#### Problem statement:
Restate all of the records below exactly. Do not carry over any image.

#### Data provided:
--- --- ---

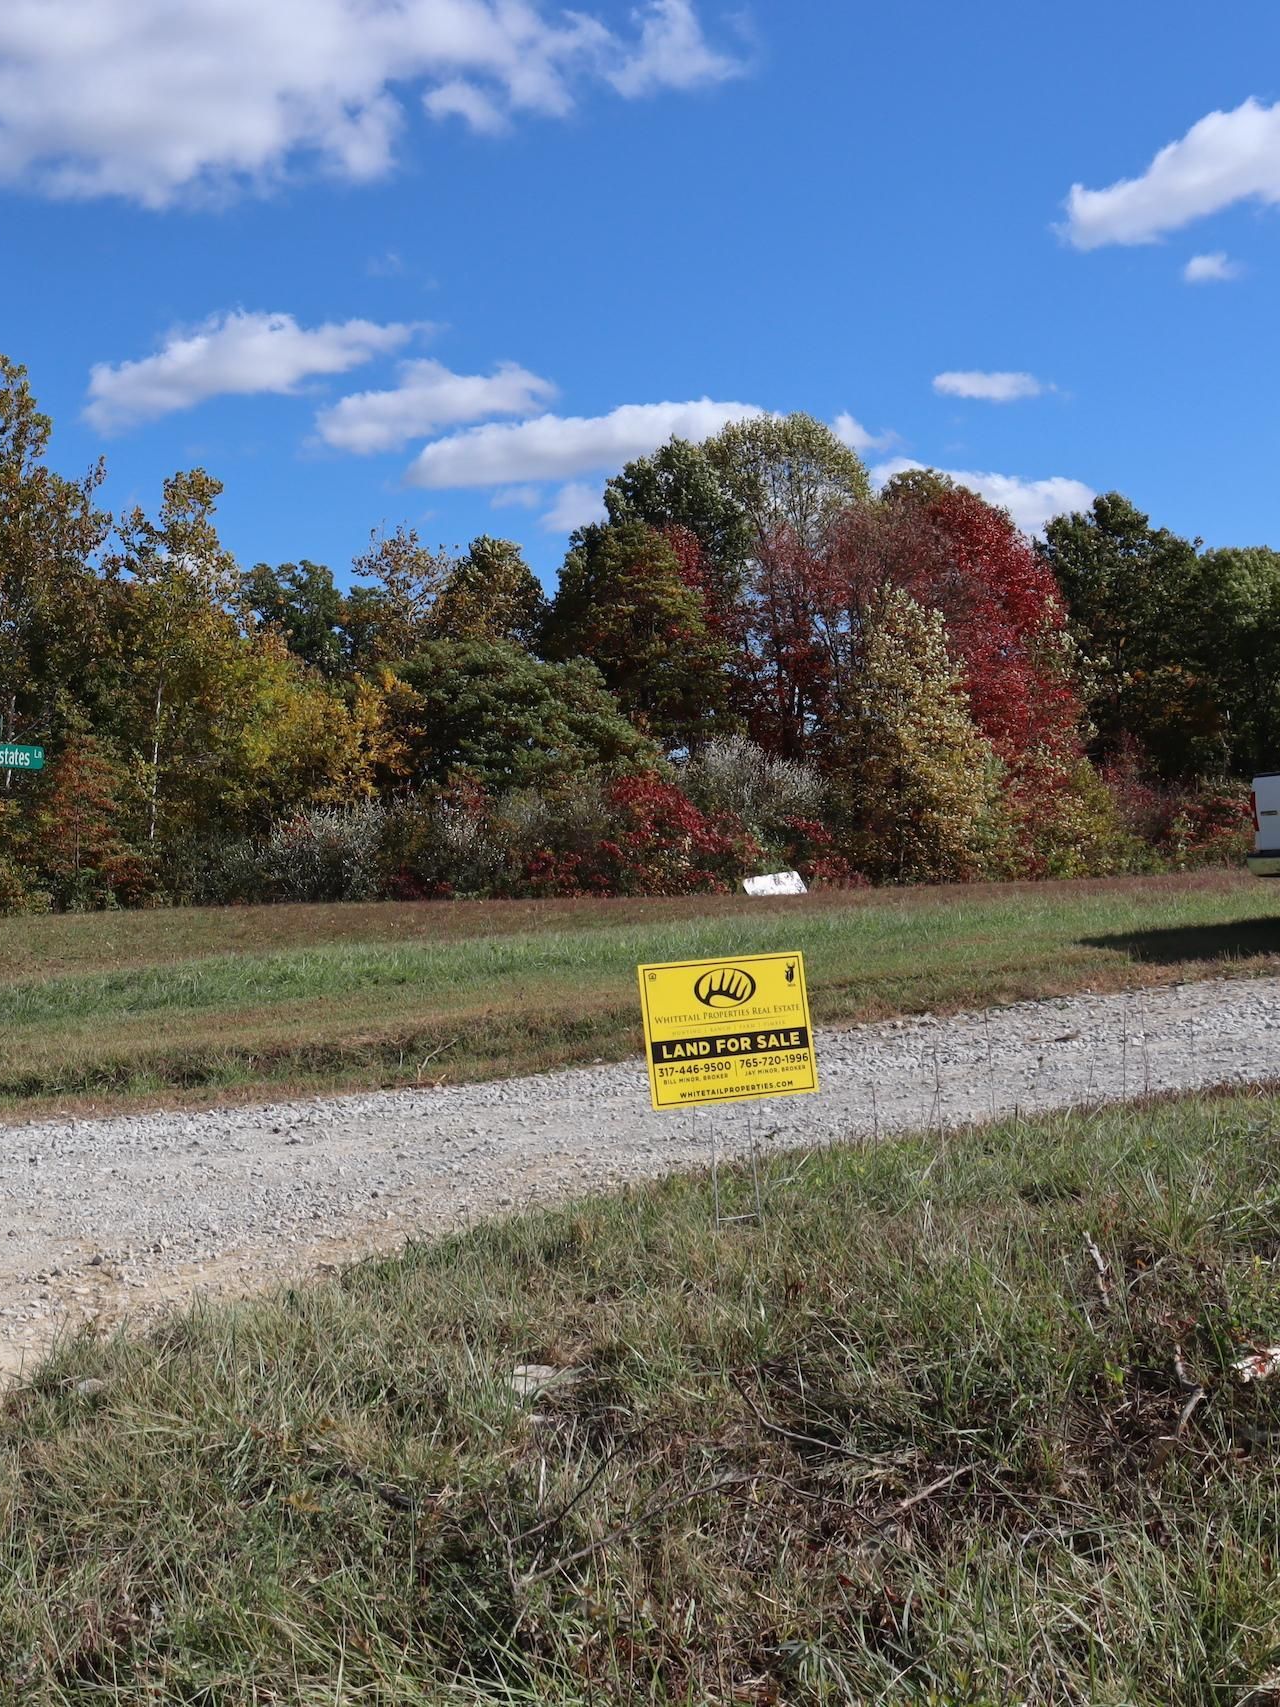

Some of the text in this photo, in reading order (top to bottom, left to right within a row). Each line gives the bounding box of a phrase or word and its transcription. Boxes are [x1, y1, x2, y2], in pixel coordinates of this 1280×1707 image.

[34, 749, 42, 758] Ln
[655, 1004, 800, 1024] WHITETAIL PROPERTIES REAL ESTATE
[662, 1032, 801, 1059] LAND FOR SALE
[740, 1053, 809, 1068] 765-720-1996
[658, 1061, 731, 1077] 317-446-9500
[781, 1065, 806, 1073] BROKER
[703, 1073, 729, 1081] BROKER
[679, 1080, 793, 1099] WHITETAILPROPERTIES.COM

--- --- ---

#### Finished task:
Some of the text in this photo, in reading order (top to bottom, left to right within a row). Each line gives the bounding box of a phrase or word and its transcription. Boxes are [x1, y1, x2, y2], in pixel coordinates of this 1280×1707 image.

[34, 749, 42, 758] Ln
[655, 1004, 800, 1024] WHITETAIL PROPERTIES REAL ESTATE
[662, 1032, 801, 1059] LAND FOR SALE
[740, 1053, 809, 1068] 765-720-1996
[658, 1061, 731, 1077] 317-446-9500
[781, 1065, 806, 1073] BROKER
[703, 1073, 729, 1081] BROKER
[679, 1080, 793, 1099] WHITETAILPROPERTIES.COM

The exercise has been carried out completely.